#### Work required:
Below are records to write out exactly; drop the pictures when you do.

#### Supplied records:
────────────────────────────────────────

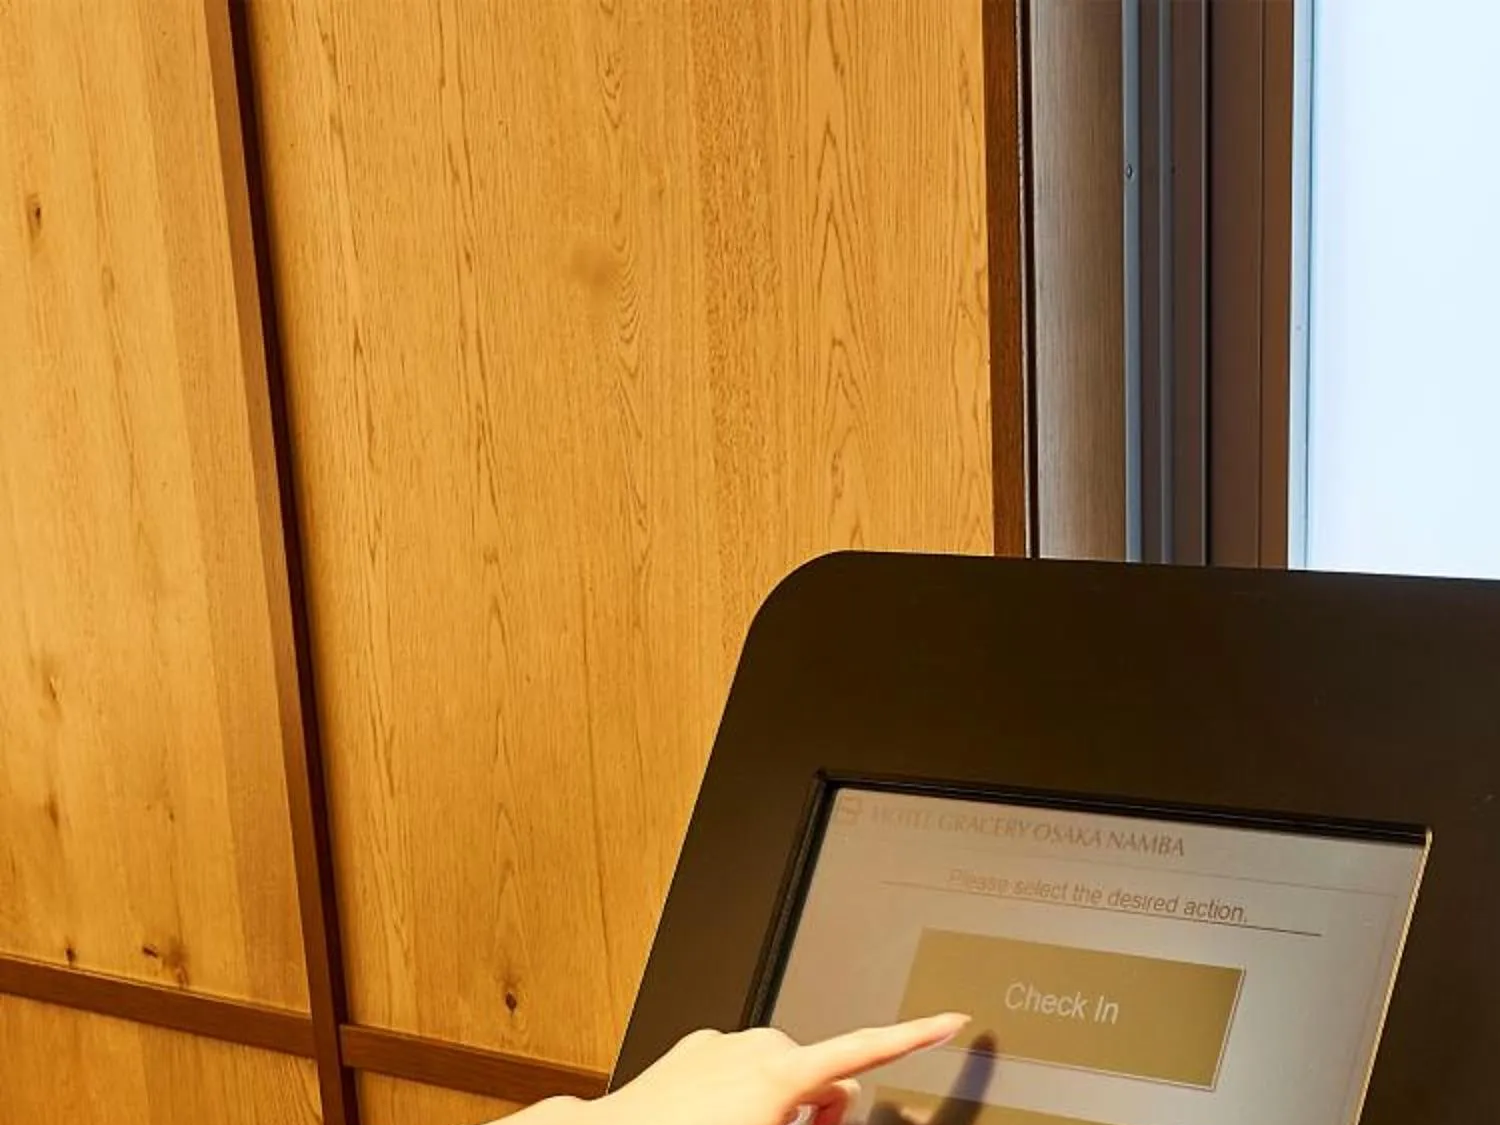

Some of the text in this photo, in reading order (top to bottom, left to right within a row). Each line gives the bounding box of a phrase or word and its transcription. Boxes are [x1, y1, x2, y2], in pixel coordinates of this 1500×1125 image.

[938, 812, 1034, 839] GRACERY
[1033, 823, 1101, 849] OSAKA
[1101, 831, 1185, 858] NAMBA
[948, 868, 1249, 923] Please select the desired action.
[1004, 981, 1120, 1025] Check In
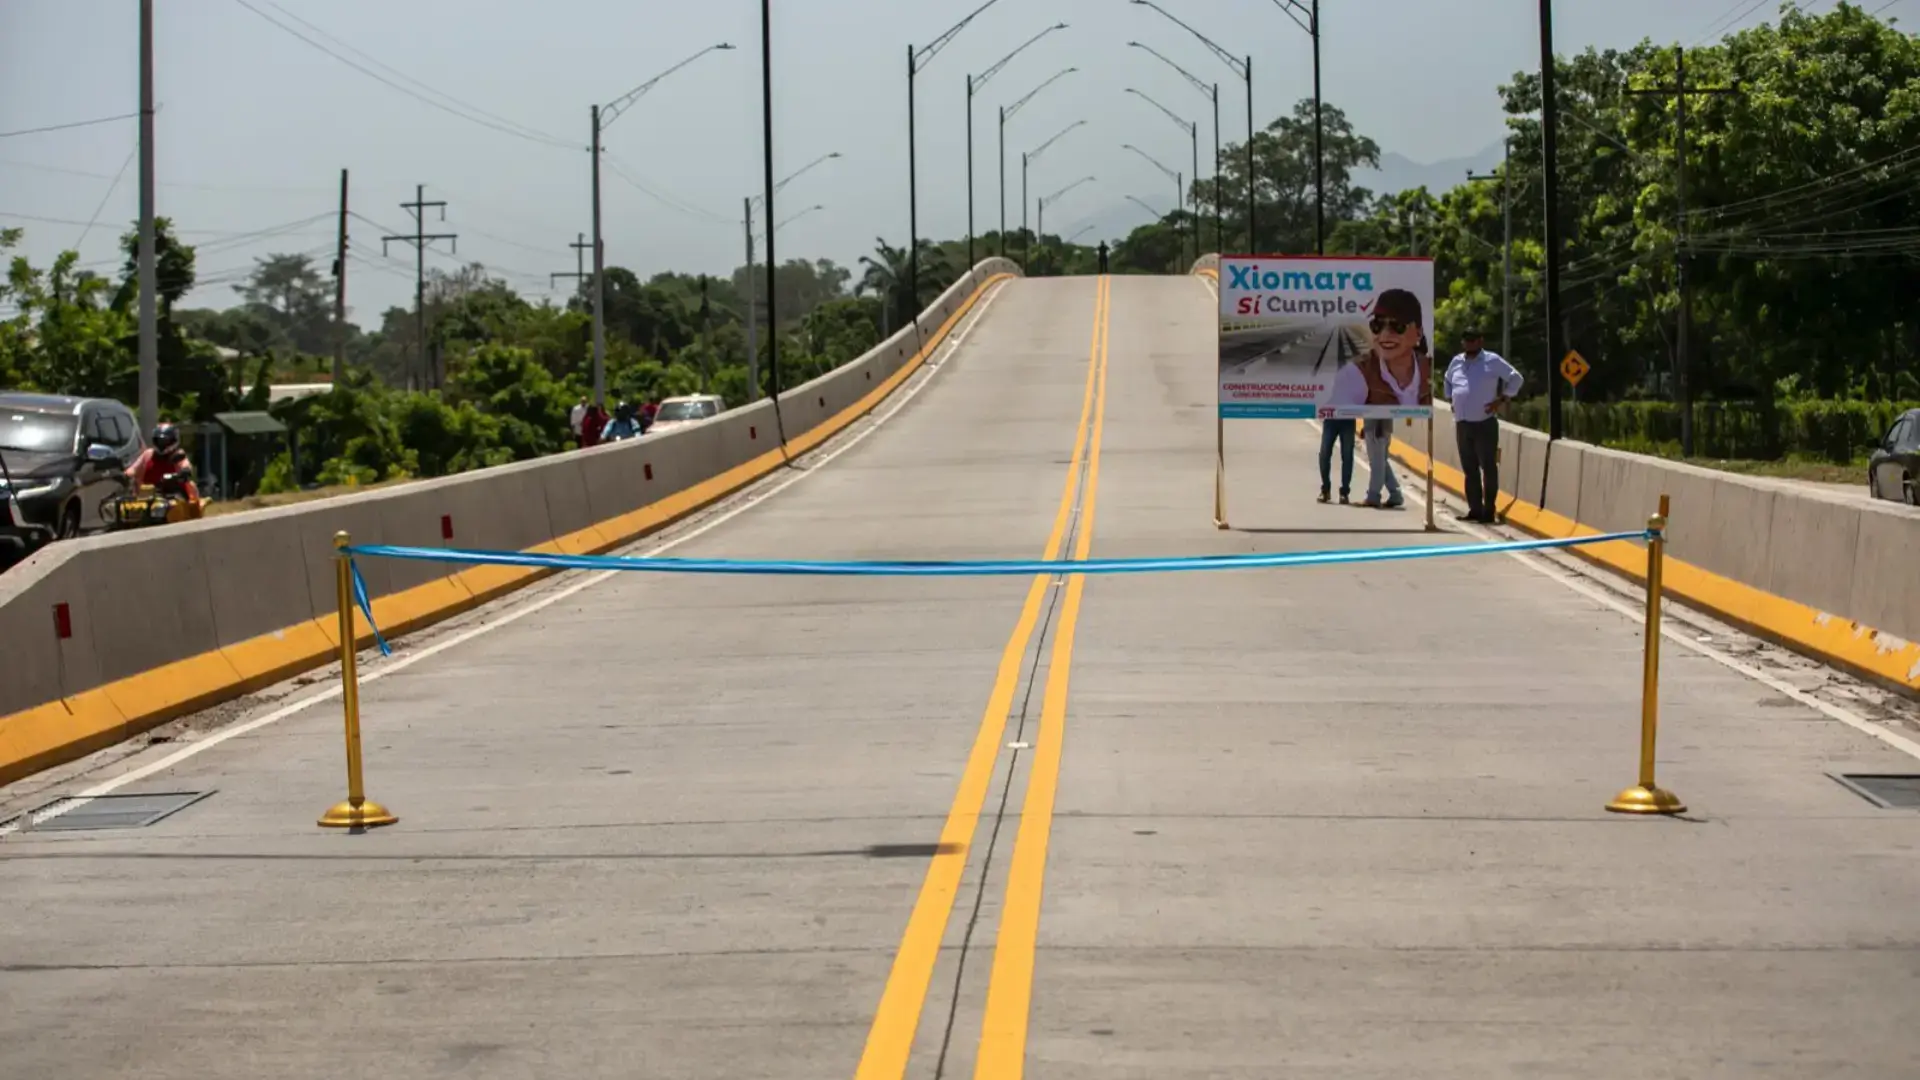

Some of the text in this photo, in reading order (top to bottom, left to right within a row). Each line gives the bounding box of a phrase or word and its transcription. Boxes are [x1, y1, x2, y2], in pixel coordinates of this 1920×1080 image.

────────────────────────────────────────

#### Output below:
Some of the text in this photo, in reading order (top to bottom, left to right within a row). Each line gives the bounding box of a phrase or word and its transcription. Boxes are [x1, y1, x2, y2], in pixel coordinates of this 1500×1125 image.

[938, 812, 1034, 839] GRACERY
[1033, 823, 1101, 849] OSAKA
[1101, 831, 1185, 858] NAMBA
[948, 868, 1249, 923] Please select the desired action.
[1004, 981, 1120, 1025] Check In

Some of the text in this photo, in reading order (top to bottom, left to right within a row). Each line gives the bounding box of a phrase or word and its transcription. Boxes are [x1, y1, x2, y2], in pixel coordinates of this 1920×1080 image.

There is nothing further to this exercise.